Sur l’avance des sommes allouées à la victime et l’action récursoire de la caisse
L’article L. 452-2 du code de la sécurité sociale dispose que la majoration de la rente est payée par la caisse qui en récupère le capital représentatif auprès de l’employeur dans des conditions déterminées par décret.
De même, l’article L. 452-3 du code de la sécurité sociale indique que la réparation des préjudices susceptibles d’être indemnisés devant la juridiction de sécurité sociale, est versée directement aux bénéficiaires par la caisse qui en récupère le montant auprès de l’employeur.
La [6] devra en conséquence assurer l’avance des indemnisations ci-dessus allouées à Monsieur [L], sous déduction de la provision de 2.500 € précédemment accordée, et pourra en poursuivre le recouvrement à l’encontre de la Société [10] ([12]) sur le fondement de l’article L. 452-3 du Code de la sécurité sociale.

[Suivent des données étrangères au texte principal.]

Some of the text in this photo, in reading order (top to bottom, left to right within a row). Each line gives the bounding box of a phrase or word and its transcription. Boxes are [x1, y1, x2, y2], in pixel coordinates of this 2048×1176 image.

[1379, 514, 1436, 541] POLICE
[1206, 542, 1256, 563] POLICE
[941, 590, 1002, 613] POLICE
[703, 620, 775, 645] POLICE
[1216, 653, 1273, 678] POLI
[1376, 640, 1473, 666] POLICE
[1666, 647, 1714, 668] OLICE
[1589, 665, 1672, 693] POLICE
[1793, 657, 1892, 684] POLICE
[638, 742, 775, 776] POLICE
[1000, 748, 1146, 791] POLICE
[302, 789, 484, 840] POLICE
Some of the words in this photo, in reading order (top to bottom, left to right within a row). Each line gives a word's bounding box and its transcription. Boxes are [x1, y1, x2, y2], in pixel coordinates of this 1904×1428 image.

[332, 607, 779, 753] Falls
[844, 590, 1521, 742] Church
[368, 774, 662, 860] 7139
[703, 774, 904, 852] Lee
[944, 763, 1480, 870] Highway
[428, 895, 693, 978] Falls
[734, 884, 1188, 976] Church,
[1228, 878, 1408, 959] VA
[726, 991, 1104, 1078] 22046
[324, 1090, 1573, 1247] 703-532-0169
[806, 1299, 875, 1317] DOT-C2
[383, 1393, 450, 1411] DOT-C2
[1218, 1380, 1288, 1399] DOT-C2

Il sera donc fait droit à l’action récursoire de la caisse et il sera jugé que la Société [10] ([12]) devra rembourser à la caisse les sommes allouées à Monsieur [L].
Sur les autres demandes :
Au regard de l’ancienneté du litige, il convient d’ordonner l’exécution provisoire de la présente décision.
La Société [10] ([12]) qui succombe sera condamnée aux dépens qui comprendront les frais d’expertise.
Il n’est pas équitable de laisser à la charge de Monsieur [L] les frais irrépétibles qu’il a exposés à l’occasion de la présente instance. La Société [10] ([12]) sera condamnée à lui payer une somme de 2.700 € au titre de l’article 700 du Code de procédure civile.
PAR CES MOTIFS :
Le Tribunal, statuant publiquement, par décision contradictoire mise à disposition au greffe et en premier ressort,
Vu le jugement du 24 juillet 2020 du Pôle social du Tribunal Judiciaire de TOURS ;
Vu l’ordonnance du 20 août 2020 du Pôle social du Tribunal Judiciaire de TOURS ;
Vu le jugement du 12 septembre 2022 du Pôle social du Tribunal Judiciaire de TOURS ;
Vu l’arrêt du 22 novembre 2022 de la Cour d’appel d’ORLEANS ;
Vu l’ordonnance du 17 juin 2024 du Pôle social du Tribunal Judiciaire de TOURS ;
Vu le rapport d’expertise du Docteur [T], expert judiciaire, déposé le 20 septembre 2024 ;
DIT que la [5] procédera à l’avance des frais indemnisant les préjudices personnels de l’assuré, ainsi que la majoration de la rente et en procédera à la récupération auprès de l’employeur sur le fondement des articles L452-2 et L452-3 du code de la sécurité sociale, outre les frais d’expertise ;
DIT que la [5] devra avancer à Monsieur [X] [L], au titre des préjudices qu’il a subis, les sommes suivantes :
— 6.000 € au titre des souffrances endurées
— 1.000 € au titre du préjudice esthétique temporaire
— 14.040 € au titre du déficit fonctionnel permanent
— 2.895 € au titre du déficit fonctionnel temporaire
— 10.760,85 € au titre de l’assistance tierce personne à titre temporaire
DIT que de ces sommes sera déduite la provision de 2.500 € déjà allouée par le Tribunal ;
CONDAMNE la Société [10] ([12]) à rembourser à la [5] toutes les sommes versées à Monsieur [X] [L], indemnisant ses préjudices ;
CONDAMNE la Société [10] ([12]) à payer à Monsieur [X] [L] la somme de 2.700 € au titre de l’article 700 du Code de procédure civile ;
ORDONNE l’exécution provisoire ;
DÉBOUTE les parties du surplus de leurs prétentions ;
CONDAMNE la Société [10] ([12]) aux dépens, en ce compris les frais d’expertise à rembourser à la [5].
ET DIT que conformément aux dispositions de l’article 538 du code de procédure civile, chacune des parties ou tout mandataire pourra interjeter appel de cette décision dans le délai d’UN MOIS à peine de forclusion, à compter de la notification de la présente décision, par une déclaration faite ou adressée par pli recommandé au greffe de la cour : Palais de Justice – Cour d’Appel – chambre sociale – [Adresse 2].
Elle devra être accompagnée d’une copie de la décision.
Ainsi fait et jugé au Tribunal judiciaire de TOURS, le 10 Novembre 2025.